As we know most of the Euro-westerns were co-productions from Italy, Spain, Germany and France which incorporated British and American actors to gain a worldwide audience. The films were shot silent and then dubbed into the various languages where they were sold for distribution. That means Italian, Spanish, German, French and English voice actors were hired to dub the films. Even actors from the countries where the film was to be shown were often dubbed by voice actors for various reasons such as the actors were already busy making another film, they wanted to be paid additional salaries for dubbing their voices, the actor’s voice didn’t fit the character they were playing, accidents to the actors and in some cases even death before the film could be dubbed.
I’ll list a Euro-western and the (I) Italian, (S) Spanish, (G) German and (F) French, (E) English voices that I can find and once in a while a bio on a specific voice actor as in Europe these actors are as well-known as the actors they voiced.
Today we’ll cover “Dynamite Jack”
[(I) Italian, (S) Spanish, (G) German, (F) French, (E) English]
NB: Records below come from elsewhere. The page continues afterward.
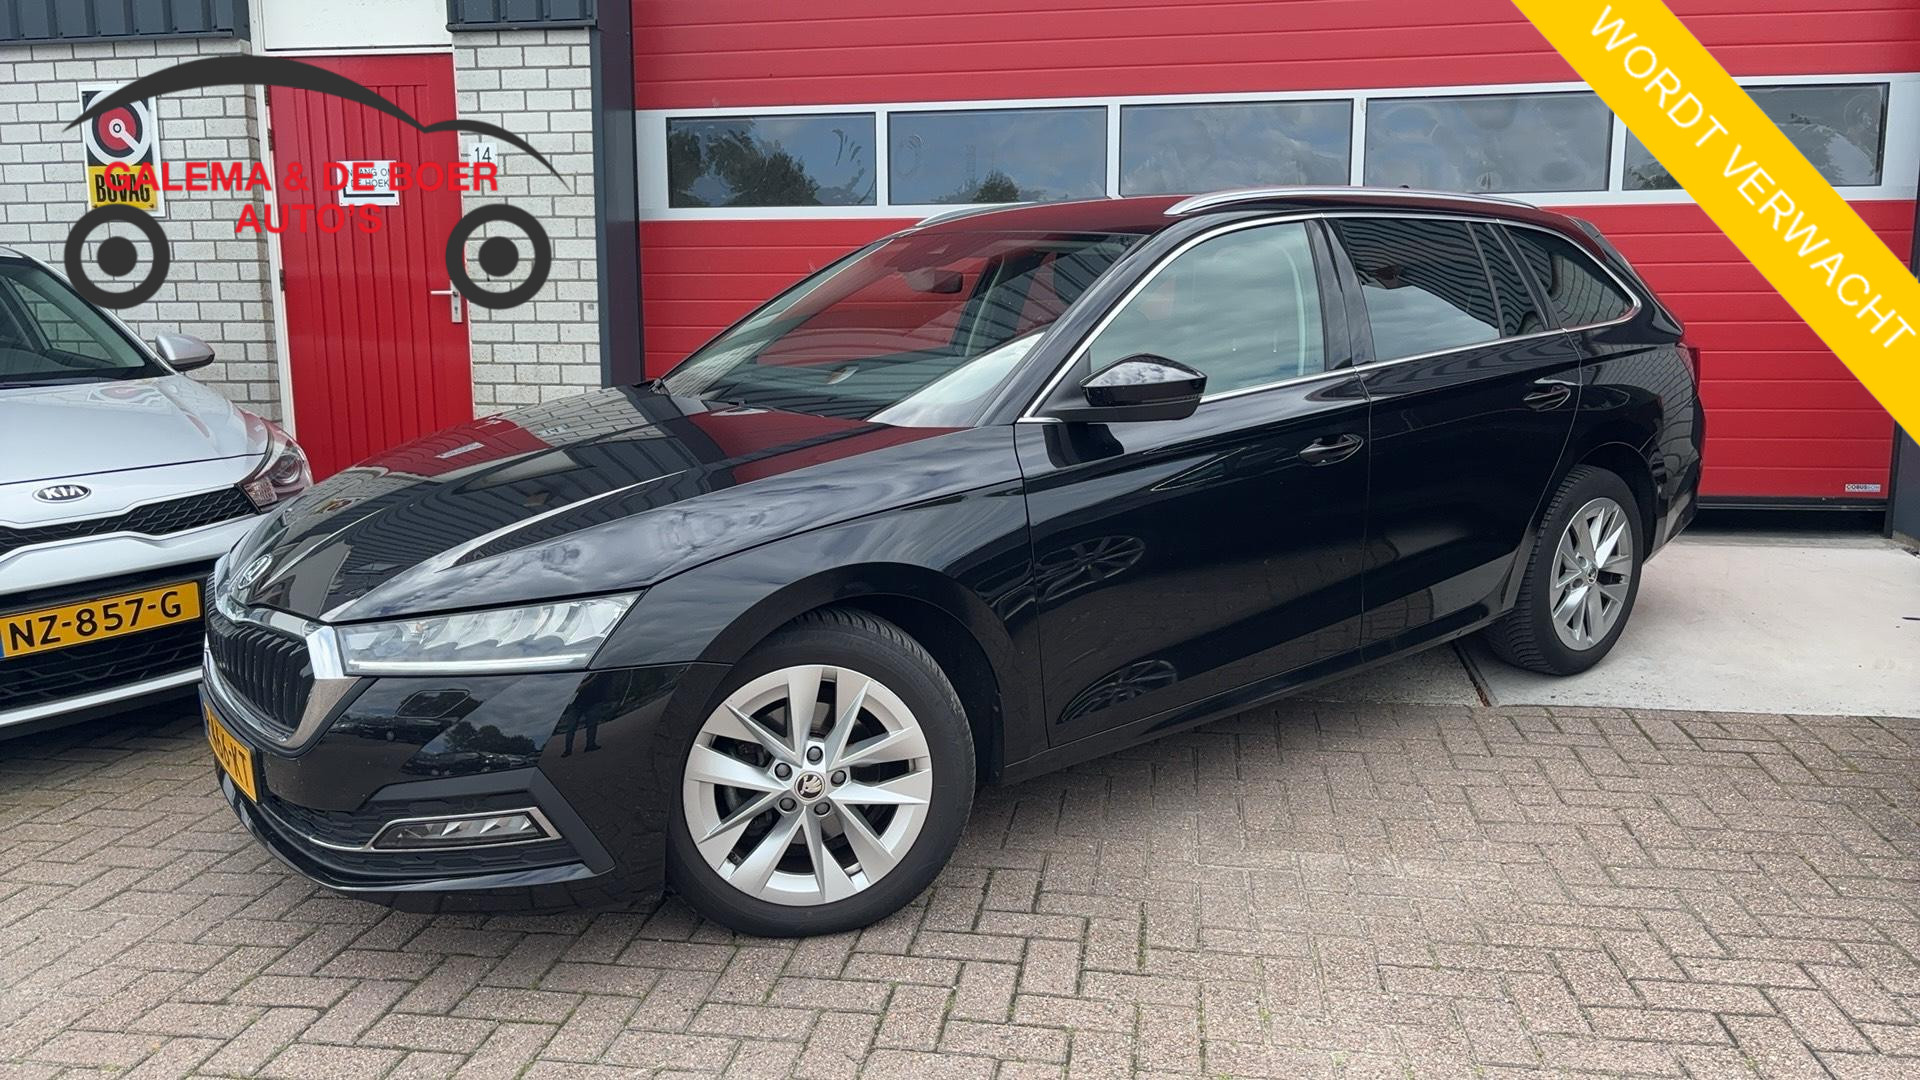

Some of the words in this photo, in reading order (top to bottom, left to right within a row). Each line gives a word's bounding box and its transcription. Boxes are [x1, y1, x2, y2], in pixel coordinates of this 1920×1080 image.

[475, 147, 492, 163] 14
[43, 485, 85, 499] KIA
[9, 591, 181, 650] NZ-857-G
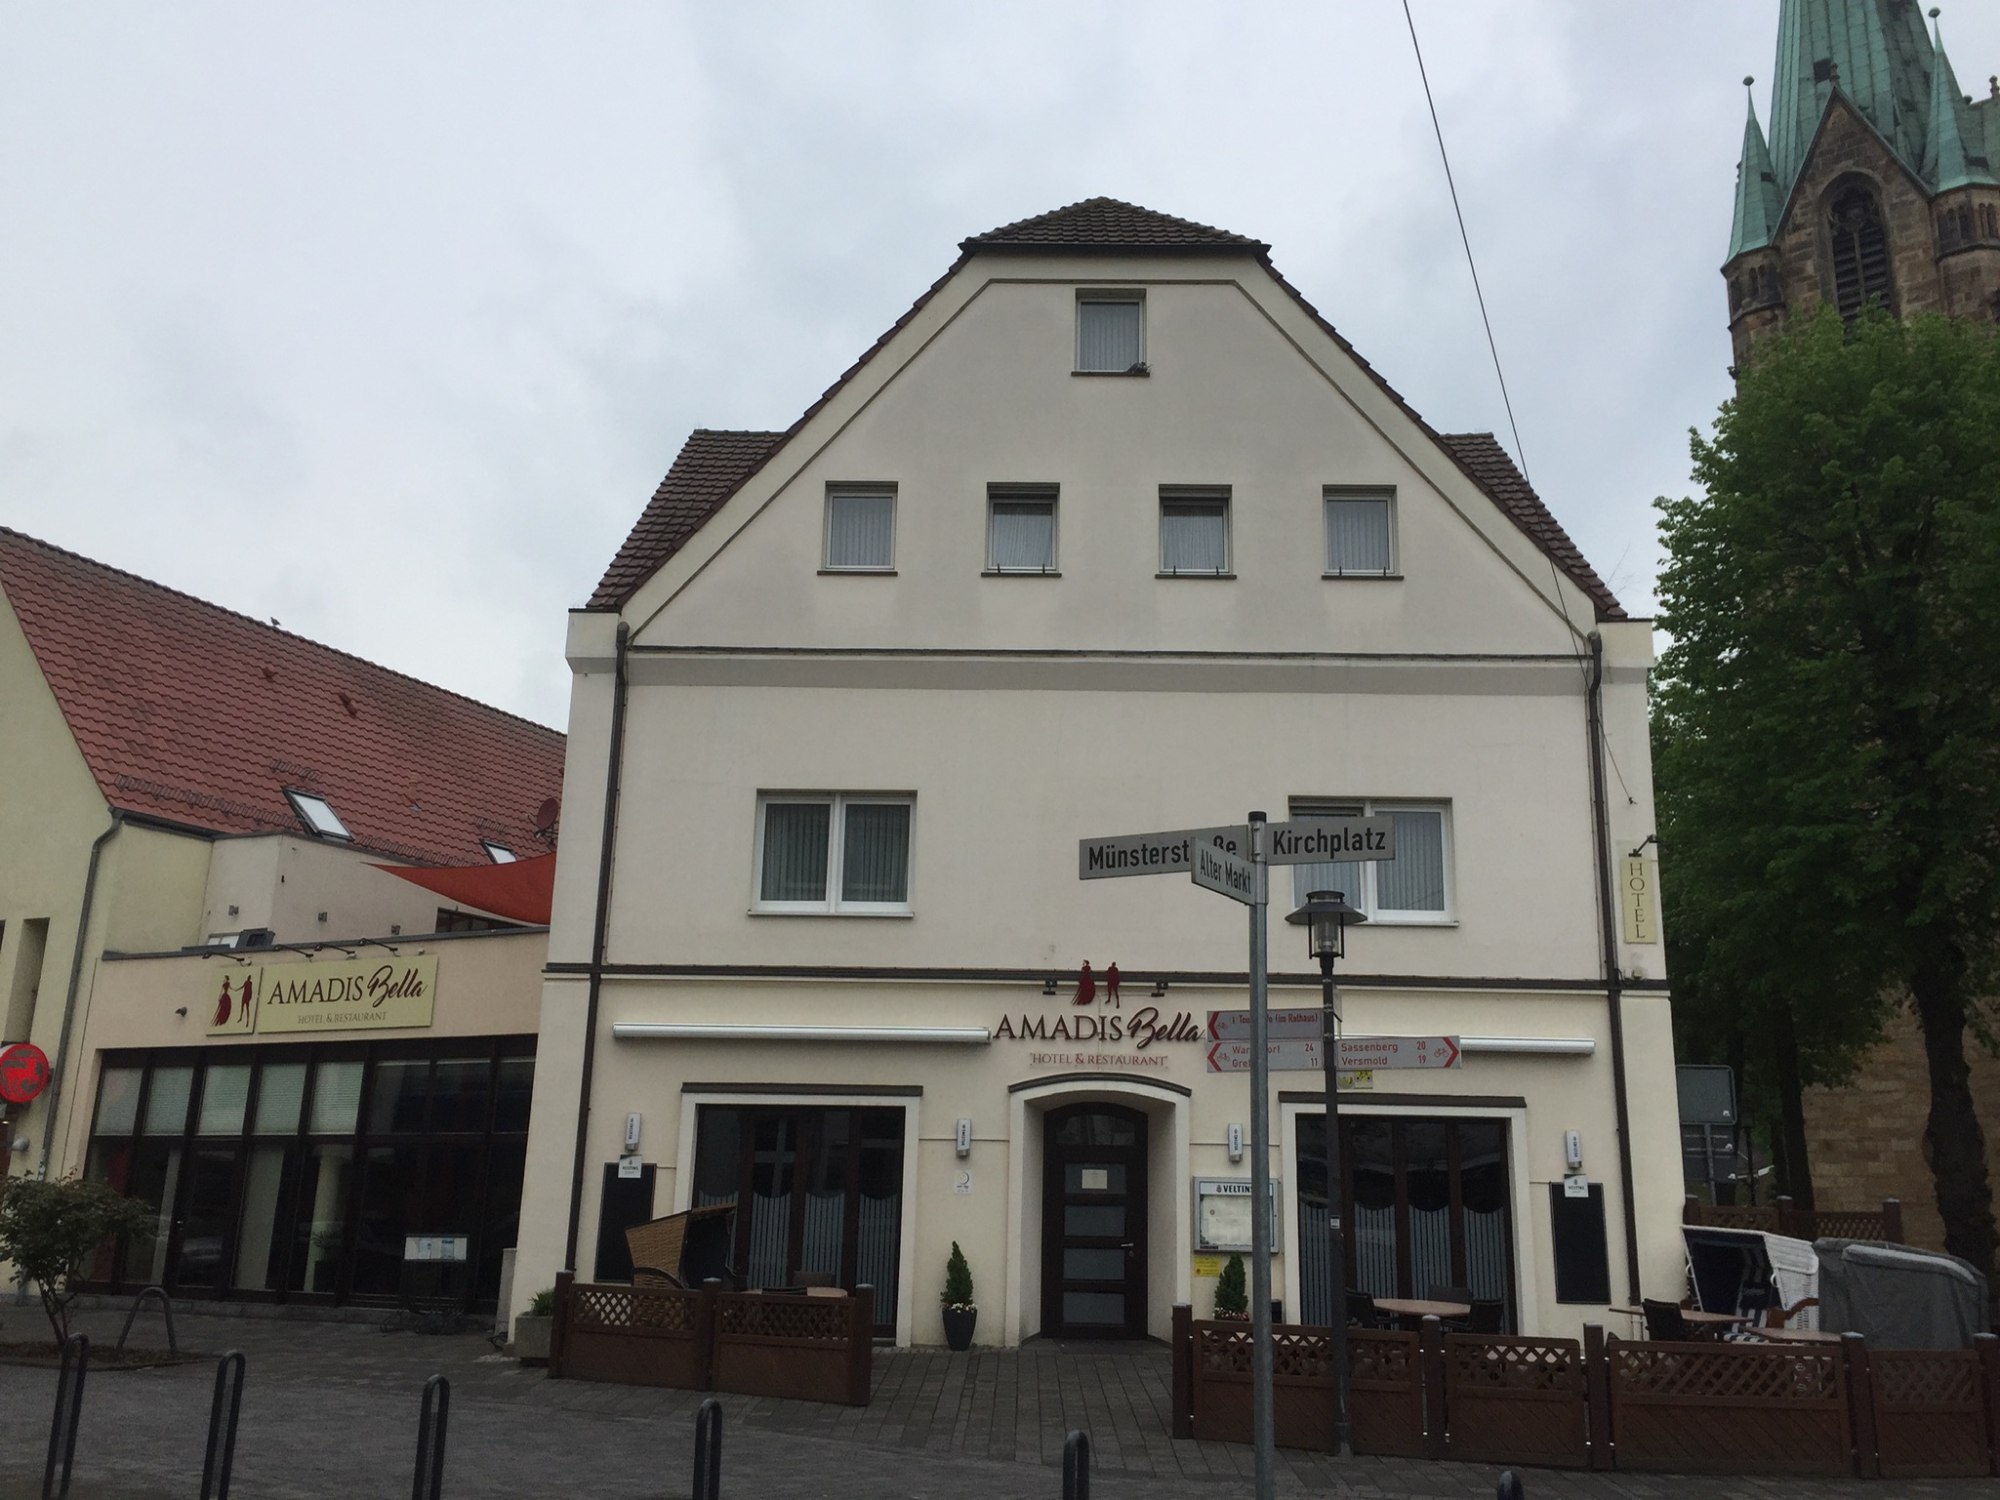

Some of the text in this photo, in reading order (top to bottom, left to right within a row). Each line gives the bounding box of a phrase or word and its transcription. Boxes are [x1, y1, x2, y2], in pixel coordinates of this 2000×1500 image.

[1088, 835, 1237, 871] Münsterstße
[1273, 827, 1386, 859] Kirchplatz
[1200, 848, 1252, 894] Alter Markt
[1629, 862, 1646, 939] HOTEL
[267, 964, 428, 1008] AMADIS Bella
[297, 1013, 323, 1025] HOTEL
[334, 1011, 387, 1023] RESTAURANT
[992, 1006, 1204, 1050] AMADIS Bella
[1341, 1041, 1426, 1053] Sassenberg 20
[1032, 1053, 1072, 1064] HOTEL
[1087, 1055, 1168, 1067] RESTAURANT
[1310, 1057, 1318, 1067] 11
[1341, 1055, 1427, 1066] Versmold 19
[1223, 1184, 1252, 1193] VELTIN
Dynamite Jack – Feranndel (F) Fernandel, (G) Klaus W. Krause
Dolores – Eleonora Vargas (F) ?, (G) Gisela Reißmann
Sheriff Scotty – Lucien Raimbourg (F) Lucien Raimbourg, (G) Erik Jelde
Sergeant Bob – Jess Hahn (F) Jess Hahn, (G) Alwin Joachim Meyer
Pegeen O’Brien – Adrienne Corri (F) ?, (G) Dagmar Altrichter
Klaus W. Krause (1903 – 1981)
Krause was born as Willy Hermann Krause on May 2, 1903 in Berlin, Germany. In 1927 the District Court of Berlin-Neukölln gave him permission to use the first name Klaus. Krause received his artistic training at the Reichersche Hochschule for Dramatic Art. He first appeared as a theater actor in his hometown, at the Stadttheater in Koblenz and at the Schauspielhaus in Bremen. From 1933 to 1943 he was engaged at the National Theater in Mannheim. His last engagement before the end of the war took him to the Bavarian State Theater in Munich, directed by Alexander Golling . The first theater engagements after 1945 brought KrauseCologne to the Municipal Theater (1946-1947) and again to Munich to the Young Theater (1947-1948). From 1949 he also took part in small supporting roles in cinema and television productions.
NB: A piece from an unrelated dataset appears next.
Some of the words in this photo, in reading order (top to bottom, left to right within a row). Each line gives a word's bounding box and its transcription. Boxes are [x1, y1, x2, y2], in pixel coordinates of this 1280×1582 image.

However, he was mainly active as a voice actor. From the late 1950s he spoke particularly frequently of Jean Gabin, including in “Baldwin, the Night Ghost” (1968), “The Clan of Sicilians” (1969), “The Cat” (1971) and “The End of the Line Scaffold” (1973). He also dubbed Fernandel several times, e.g. “B. Reverend Don Camillo” (1961). He lent his voice to Gregory Peck in “The Wilderness Calls” (1947) and “Moby Dick” (1956). Other actors he dubbed were William Powell, Thomas Mitchell, Edward G. Robinson and Boris Karloff. In the field of animation, he voiced the Miraculix in “Asterix the Gaul” (1967) and “Asterix and Cleopatra” (1968) as well as Butler Edgar in “The Aristocats” (1970).
He was also used as a speaker in many radio plays, for example in 1959 in ‘Paul Temple and the Conrad Case’, the only Paul Temple radio play that was produced by Bavarian Radio. Krause also took part in Dickie Dick Dickens and a radio play version of ‘I Often Think of Piroschka’.
Klaus W. Krause died sometime in 1981 place unknown.